Background and aims: Exercise training (ET) helps treat atherosclerosis. However, many patients stop regular ET for various reasons. The effect of detraining on atherosclerosis is not well studied. We examined the effects of ET vs. short-term detraining on atheromatous matrix-metalloproteinase (MMP) activity in preexisting plaque and circulating cytokines/lipids. Methods and results: Eighteen-week-old apolipoprotein-E^−/− mice (n = 56) on a Western diet underwent: 1) ET for 6-weeks (ET5+1), 2) ET for 5-weeks and detraining for 1-week (ET5+0), 3) ET for the last 1-week (ET0+1), or 4) no treadmill ET at all for 6-weeks (ET0+0). Atheromatous MMP-activity was visualized using molecular imaging with an MMP-2/9-activatable near-infrared-fluorescent probe. Compared with no ET (ET0+0), regular ET (ET5+1) decreased carotid atheromatous MMP activity, but this protective effect was significantly blunted by short-term detraining (ET5+0). Short-term detraining after longer-term ET showed a reduction in MMP-activity similar to short-term ET (ET0+1). Blood levels of lipids and cytokines paralleled the molecular imaging results: exercise caused higher levels of high-density lipoprotein, adiponectin, and interleukin-10 and lower levels of vascular cell adhesion molecule, monocyte chemoattractant protein-1, interleukin-1β, and low-density lipoprotein.
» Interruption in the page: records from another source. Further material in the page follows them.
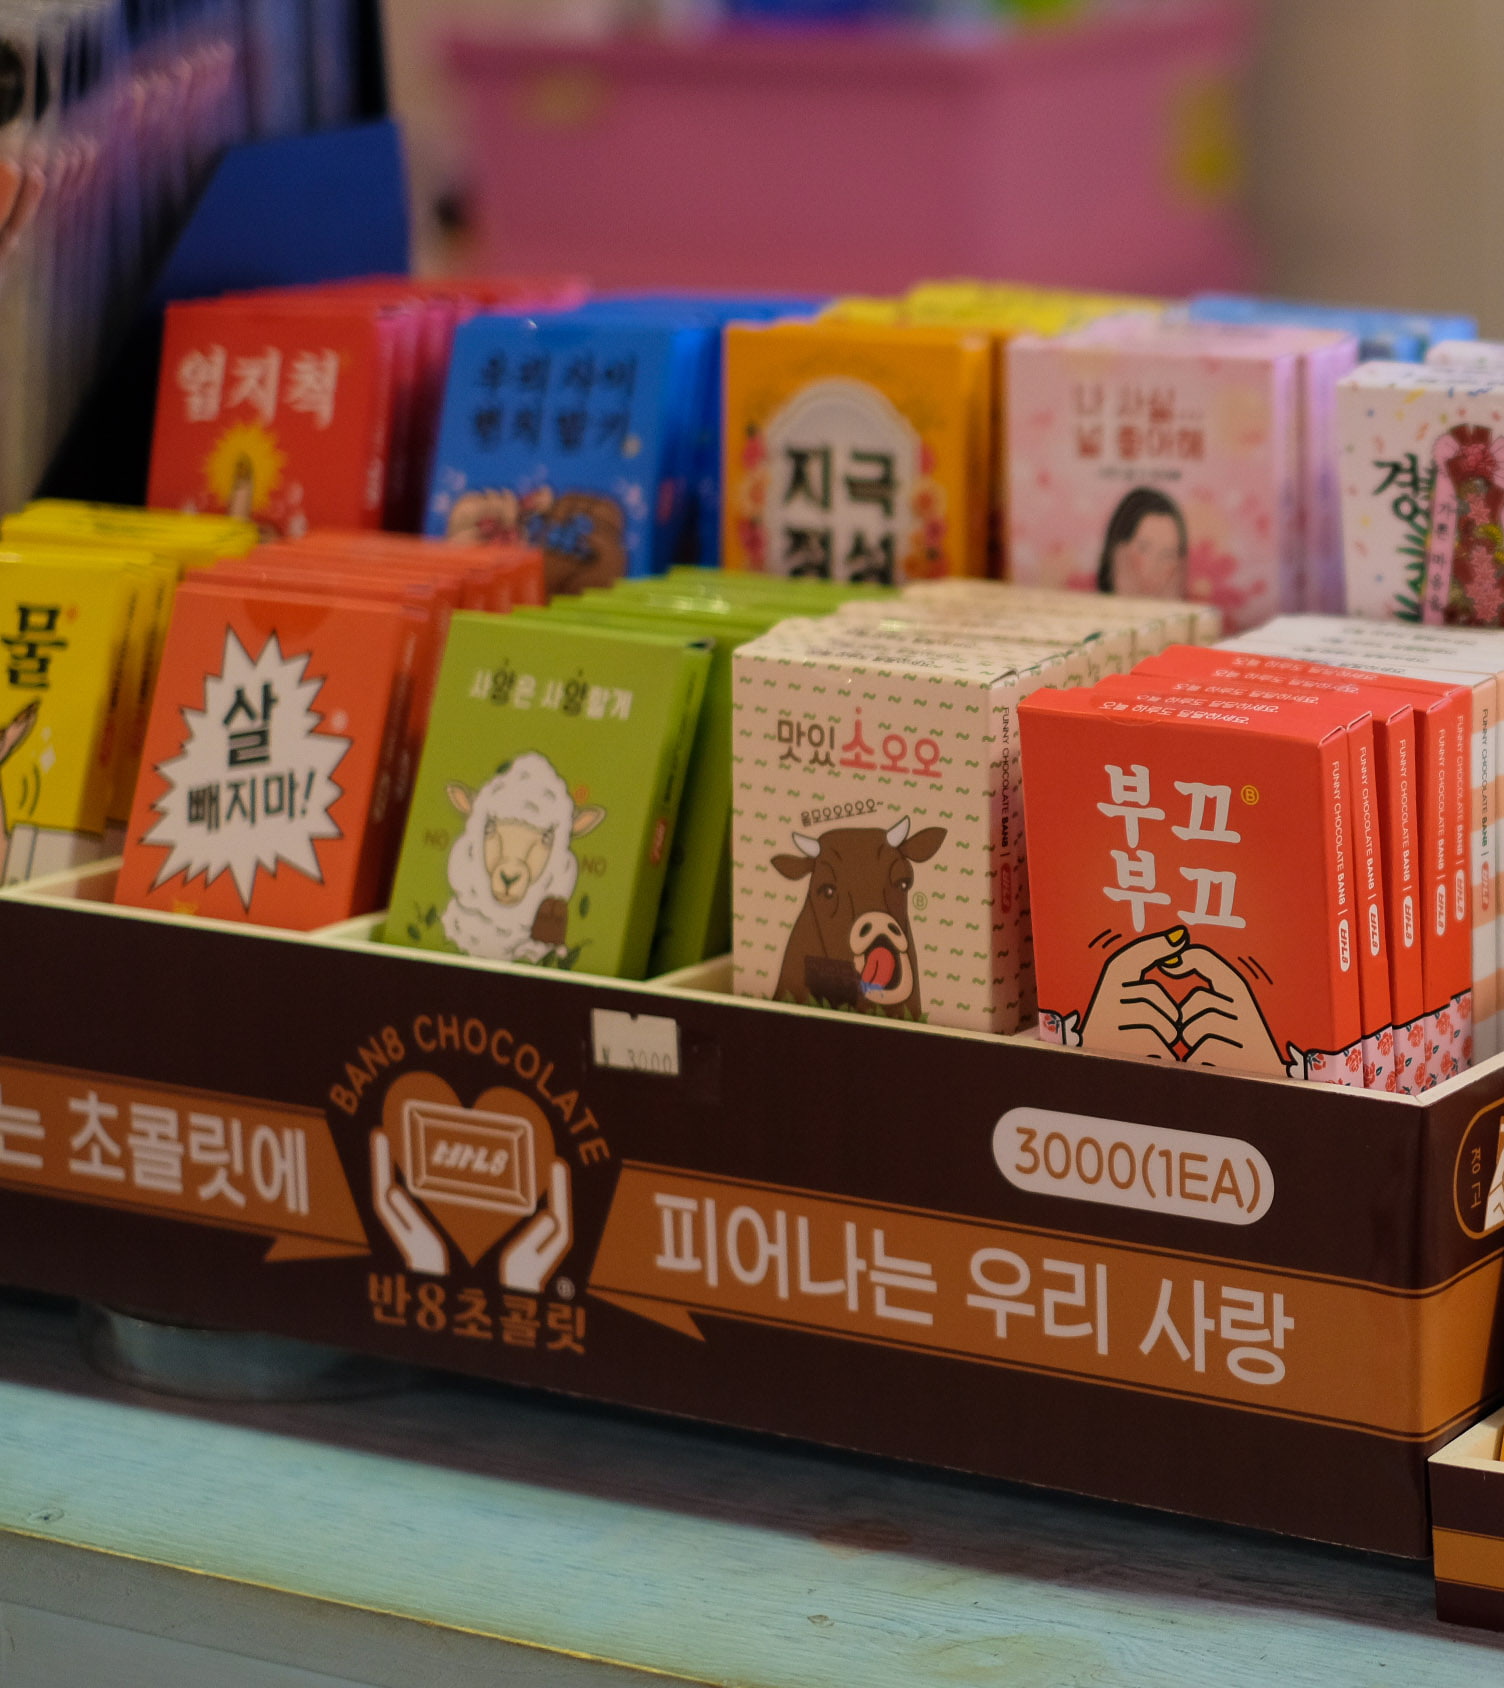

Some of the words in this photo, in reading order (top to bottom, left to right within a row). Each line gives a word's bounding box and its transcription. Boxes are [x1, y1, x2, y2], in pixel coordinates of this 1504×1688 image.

[175, 343, 341, 430] 엄지척
[783, 444, 896, 518] 지극
[221, 683, 279, 768] 살
[776, 706, 943, 779] 맛있소오오
[186, 770, 315, 834] 빼지마!
[1096, 763, 1241, 848] 부끄
[1333, 803, 1345, 871] CHOCOLATE
[1362, 788, 1373, 856] CHOCOLATE
[1400, 780, 1410, 848] CHOCOLATE
[581, 855, 607, 876] NO
[1101, 848, 1247, 933] 부끄
[329, 1025, 406, 1116] BAN8
[412, 1014, 610, 1167] CHOCOLATE
[68, 1090, 310, 1216] 초콜릿에
[1014, 1125, 1262, 1214] 3000(1EA)
[368, 1273, 587, 1356] 반8초콜릿
[653, 1191, 938, 1326] 피어나는
[965, 1246, 1110, 1356] 우리
[1138, 1277, 1295, 1385] 사랑
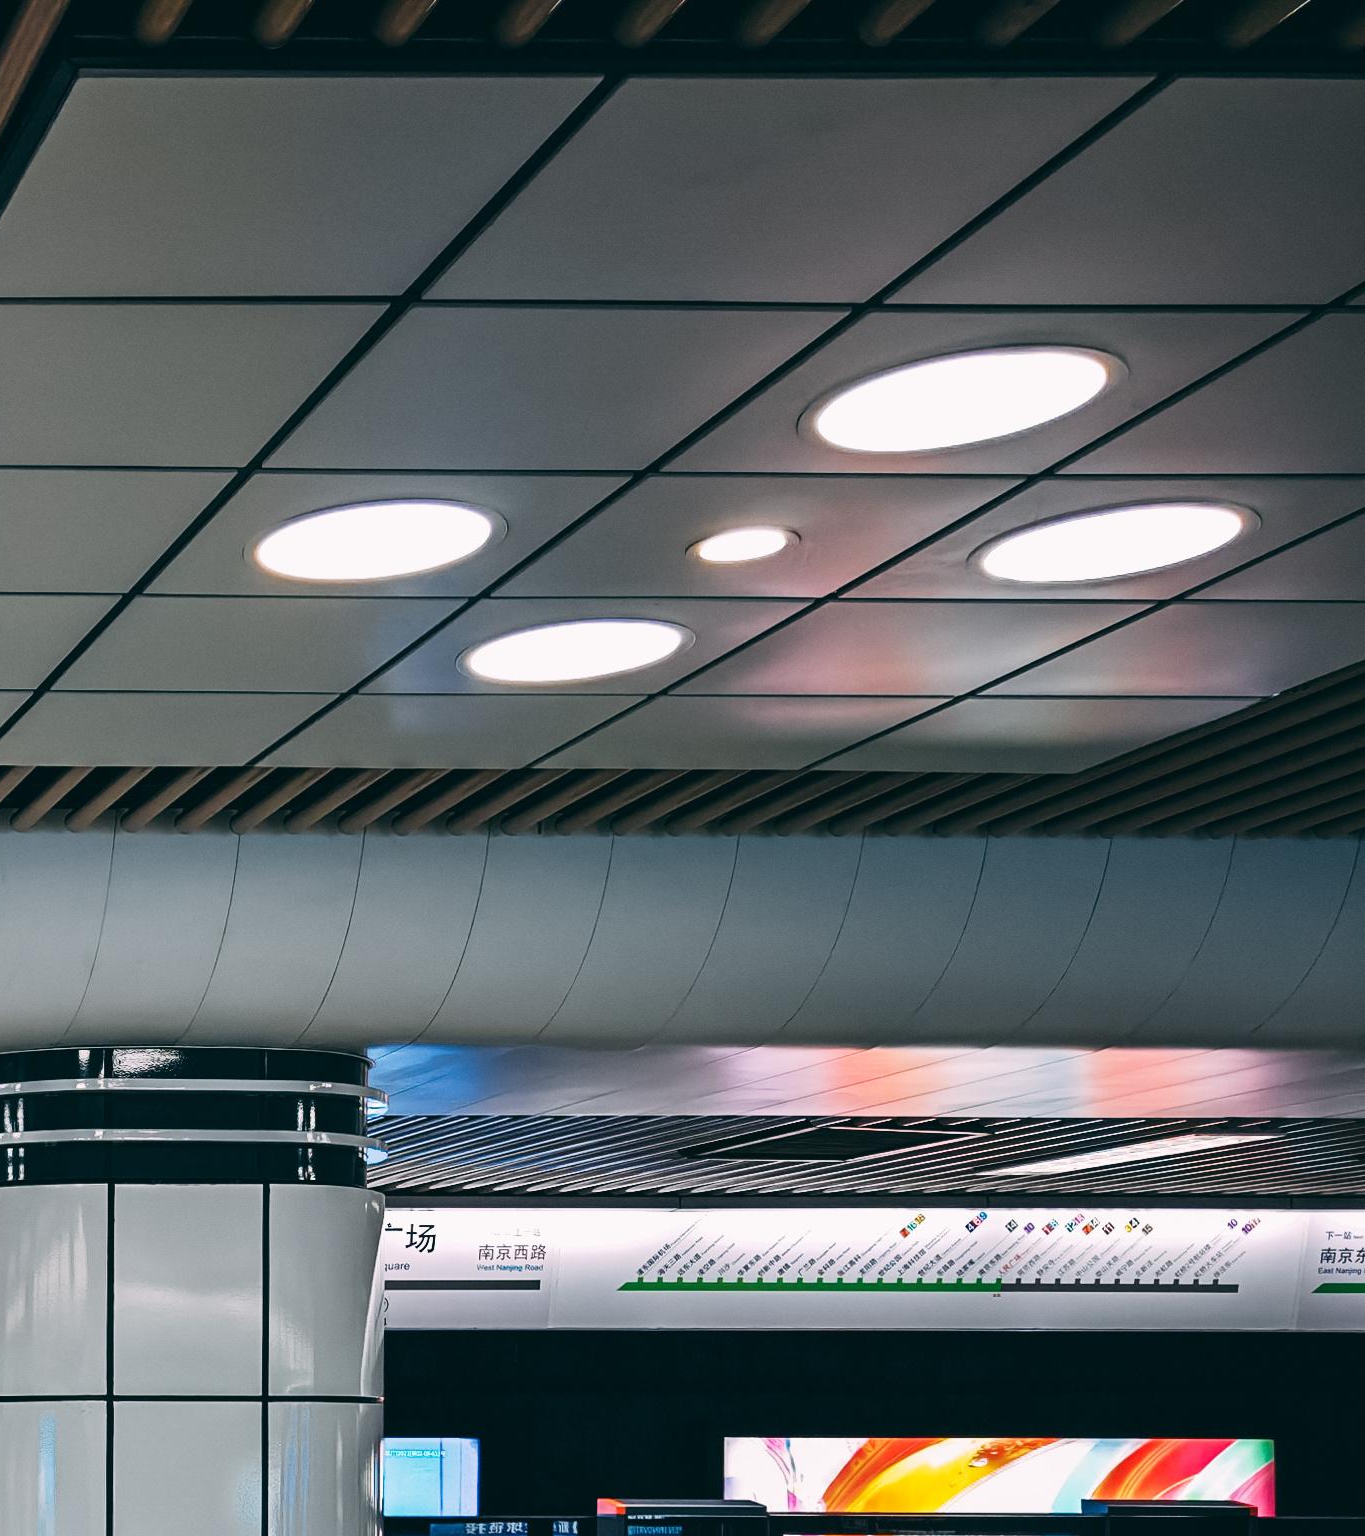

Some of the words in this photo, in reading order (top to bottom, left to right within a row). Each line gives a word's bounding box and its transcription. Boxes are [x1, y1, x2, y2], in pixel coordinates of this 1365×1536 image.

[1325, 1231, 1351, 1240] 下一站
[478, 1244, 546, 1260] 南京西路
[497, 1264, 523, 1273] Nanjing
[1318, 1267, 1333, 1275] East
[1335, 1267, 1362, 1276] Nanjing
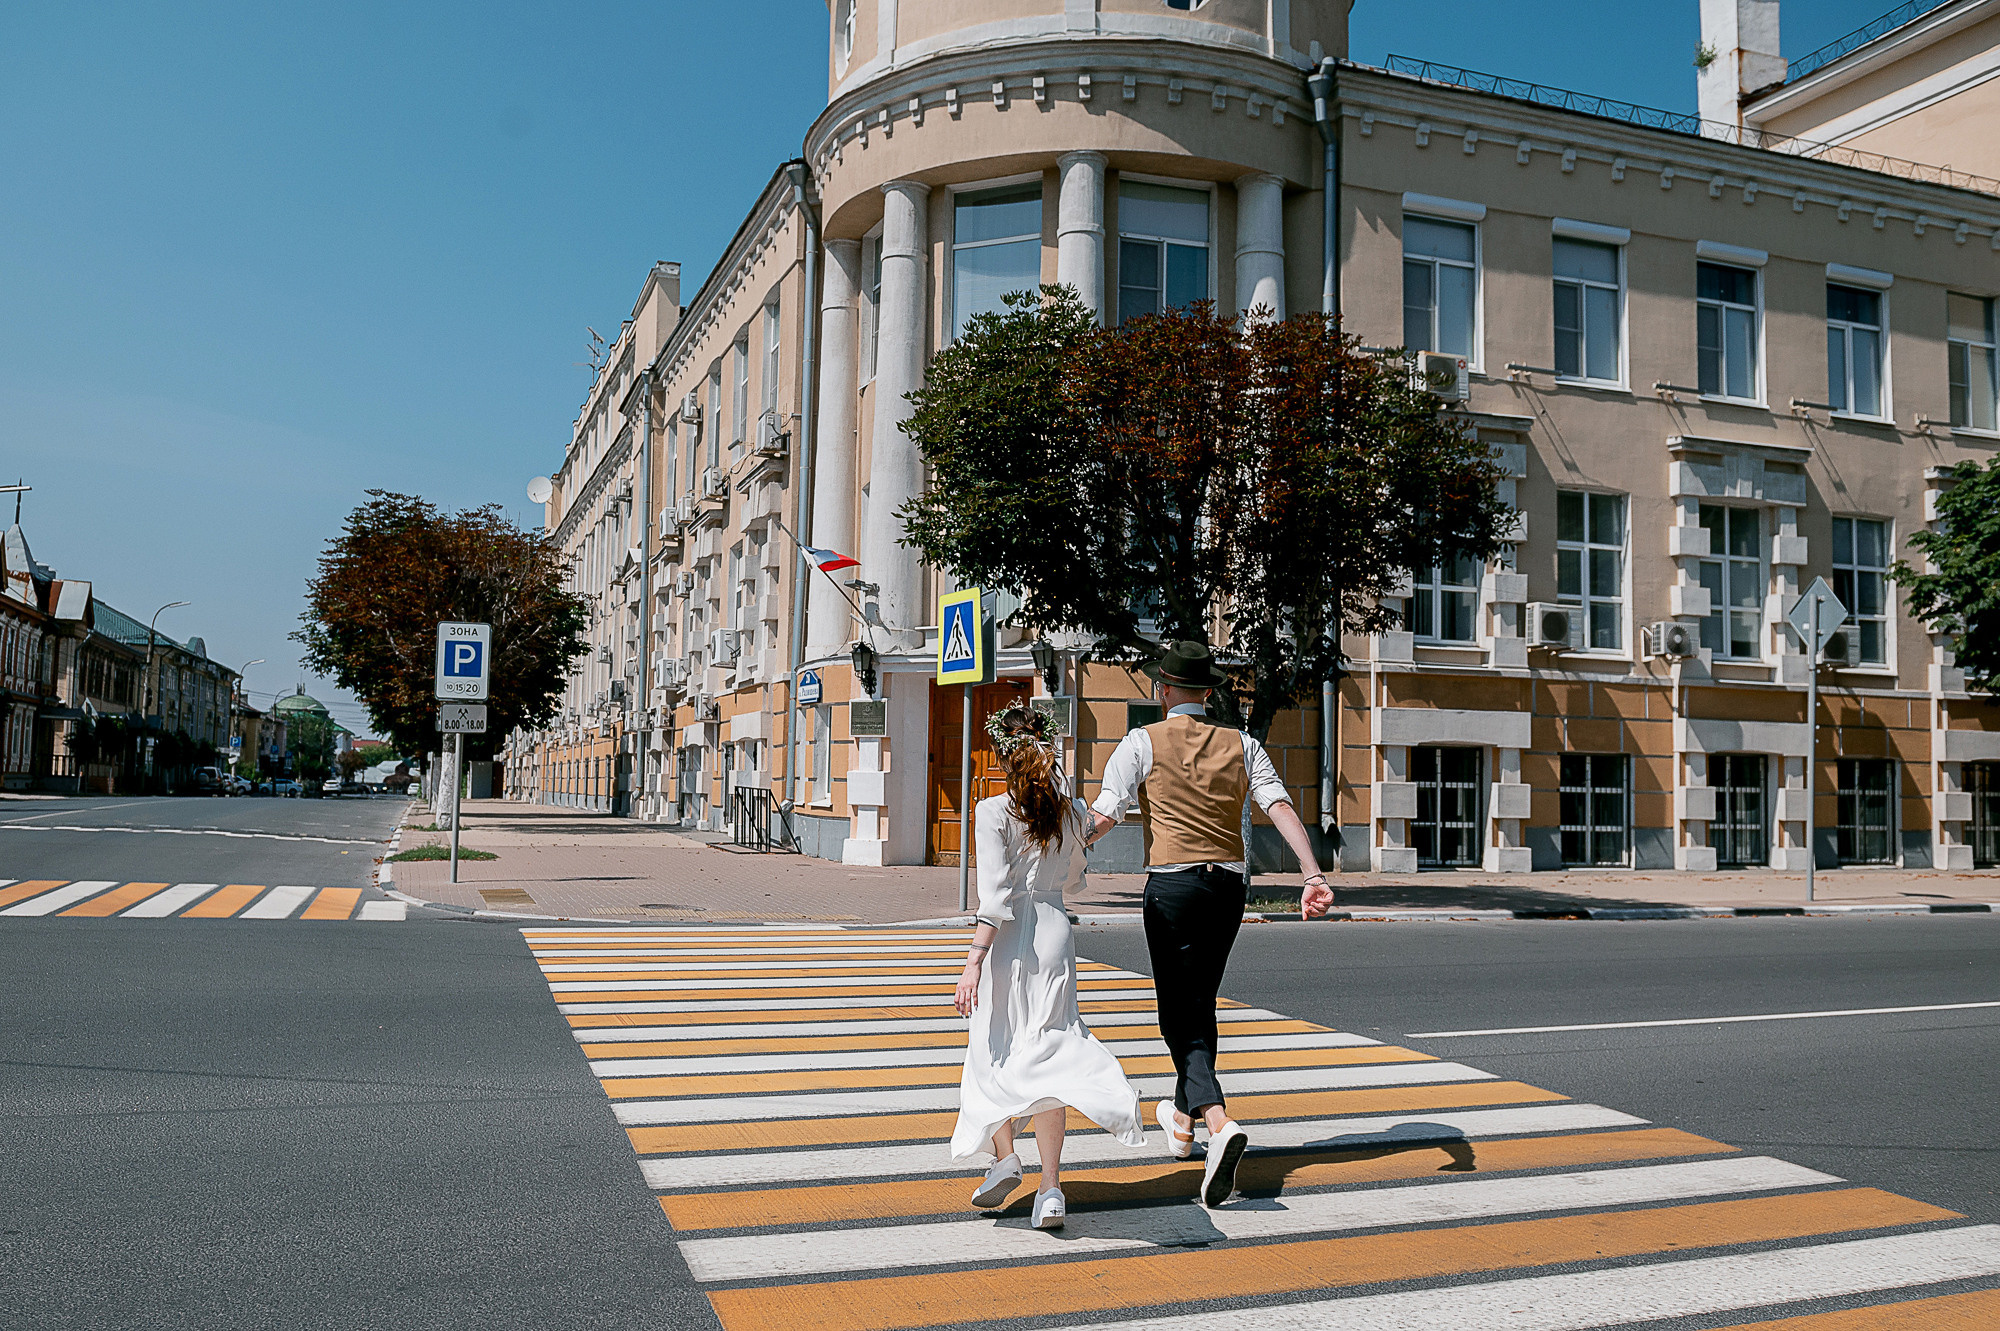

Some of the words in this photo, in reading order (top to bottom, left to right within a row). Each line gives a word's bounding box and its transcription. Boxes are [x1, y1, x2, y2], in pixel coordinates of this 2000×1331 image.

However, this beneficial effect was short-lived, with the ET5+0 group being similar to the ET0+0 group, and the ET0+1 group being similar to the ET5+1 group. The effect of exercise can be modeled with an exponential-decay of the protective factor of about 15%/day. Conclusions: Even short-term detraining reduces atheroprotective effects, and tips the balance towards atherosclerosis. This suggests that ET, to be effective, needs to be prolonged and regular, and that detraining should be avoided.